FeatureLerna + YarnTurborepoNxpnpm Workspaces
VersioningBuilt-inManualManualManual
PublishingBuilt-inManualManualManual
CachingNx-powered (v7+)Built-inBuilt-inManual
Affected DetectionVia --sinceBuilt-inAdvancedManual
Task PipelineTopologicalturbo.jsonnx.jsonManual
Remote CachingVia Nx CloudVercelNx CloudManual
Learning CurveLowLowMediumLow
Best ForPublishing packagesSimple monoreposEnterprise monoreposSimple monorepos

Turborepo is excellent when you primarily need fast builds and caching without publishing. Nx provides the most sophisticated tooling for large enterprise monorepos with hundreds of packages. Lerna + Yarn remains the best choice when your primary workflow involves publishing packages to npm, as versioning and publishing are first-class features.

Common Pitfalls and Solutions

Dependency hoisting issues arise when two packages need different versions of the same dependency. Solution: use the resolutions field in root package.json to force a specific version, or use nohoist for packages that need isolation.

Circular dependencies cause build failures and infinite loops. Solution: use madge or eslint-plugin-import to detect cycles, and restructure packages by extracting shared logic into a new package.

Stale build artifacts cause confusing errors when packages reference outdated compiled output. Solution: add a "clean" script to each package and run lerna run clean before building. Consider adding "prebuild": "rm -rf dist" to each package.

Version conflicts with peer dependencies occur when hoisted versions do not satisfy all packages' peer requirements. Solution: declare peer dependencies in the root package.json and use --frozen-lockfile in CI to catch mismatches early.

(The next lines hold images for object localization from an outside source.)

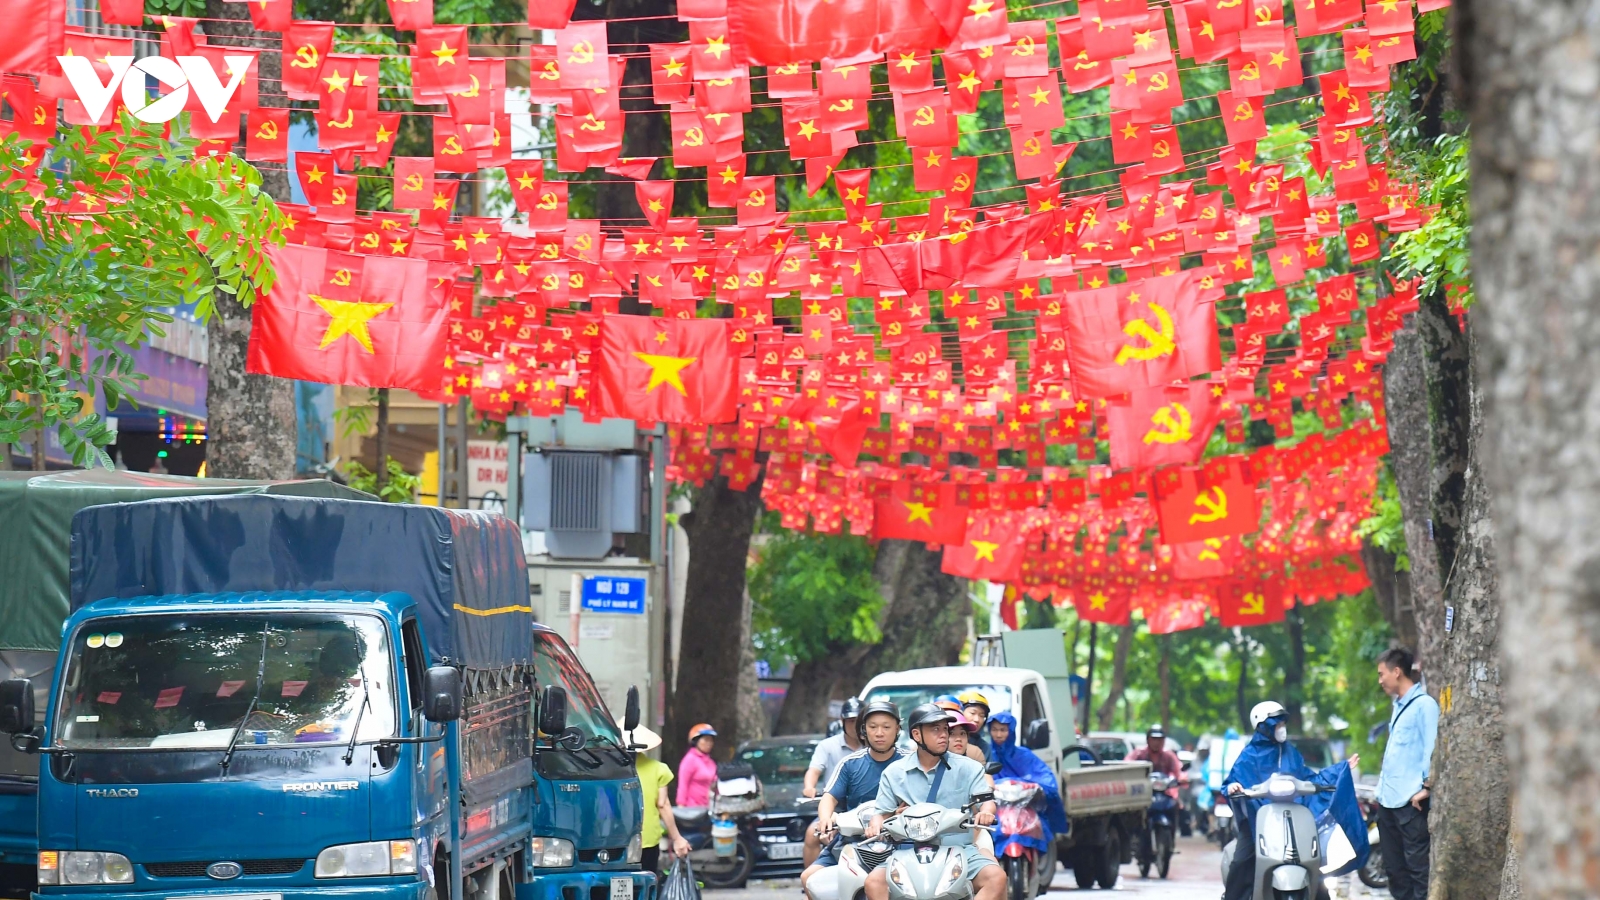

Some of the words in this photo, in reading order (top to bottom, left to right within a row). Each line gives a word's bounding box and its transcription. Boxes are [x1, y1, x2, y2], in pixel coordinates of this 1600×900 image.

[468, 446, 491, 460] NHA
[477, 467, 493, 482] DR
[86, 788, 139, 798] THACO
[282, 781, 359, 793] FRONTIER
[213, 866, 236, 875] KIA

Slow CI builds happen when every PR builds all packages. Solution: always use --since=origin/main for CI commands, enable Nx caching, and configure GitHub Actions caching for node_modules/.cache.

Future Outlook

The monorepo tooling landscape continues to evolve rapidly. Lerna's acquisition by the Nx team brought enterprise-grade caching and task scheduling to the most popular monorepo tool. Turborepo, backed by Vercel, offers a simpler alternative with excellent Next.js integration. pnpm workspaces provide the most efficient dependency management with content-addressable storage.

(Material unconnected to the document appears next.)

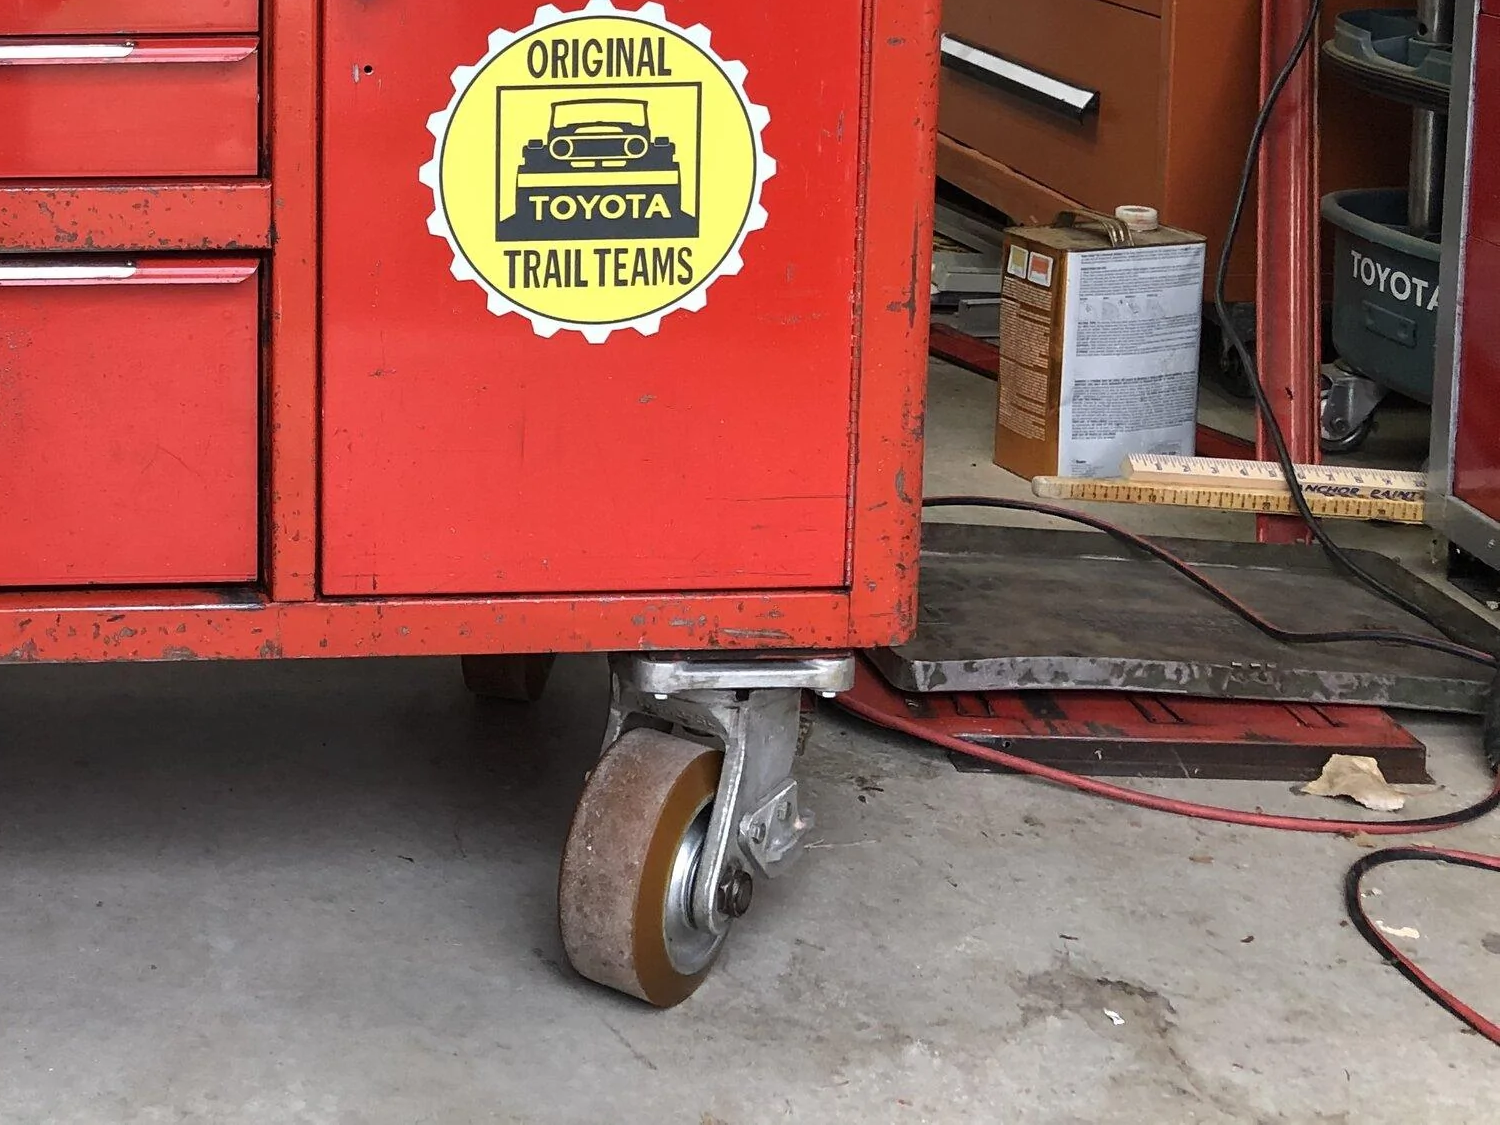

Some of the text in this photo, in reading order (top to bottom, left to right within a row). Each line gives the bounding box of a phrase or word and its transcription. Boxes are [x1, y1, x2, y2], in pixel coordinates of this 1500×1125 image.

[526, 37, 672, 79] ORIGINAL
[529, 194, 671, 221] TOYOTA
[503, 246, 693, 289] TRAIL TEAMS

The emergence of Bun and Deno as alternative JavaScript runtimes introduces new workspace management paradigms. Bun's built-in workspace support and Deno's import maps offer different approaches to the same monorepo challenges. However, the core concepts of workspace management, topological task execution, and automated publishing that Lerna and Yarn Workspaces pioneered will remain relevant regardless of runtime.

Conclusion

Lerna combined with Yarn Workspaces provides a mature, production-proven solution for JavaScript monorepos. The combination excels at the complete monorepo lifecycle: from development with automatic symlink linking and hoisted dependencies, through CI/CD with topological script execution and change detection, to publishing with automated version bumping and changelog generation.

Key takeaways:

  1. Lerna + Yarn is ideal for projects needing automated versioning and publishing with a simple configuration surface
  2. Independent versioning provides flexibility for loosely coupled packages; locked versioning suits tightly coupled design systems
  3. Conventional commits automate the entire release pipeline from version bumps to changelog generation to npm publishing
  4. The workspace:* protocol ensures correct local linking during development and correct version ranges after publishing
  5. --since=origin/main is the single most impactful CI optimization, reducing build times by building only changed packages
  6. Nx integration in Lerna 7+ brings enterprise-grade caching that makes even large monorepos fast

Start with Lerna and Yarn Workspaces for new monorepos that need publishing workflows. Consider adding Turborepo or Nx as the project grows and build performance becomes a bottleneck. The investment in monorepo tooling pays dividends in developer productivity, code quality, and release automation.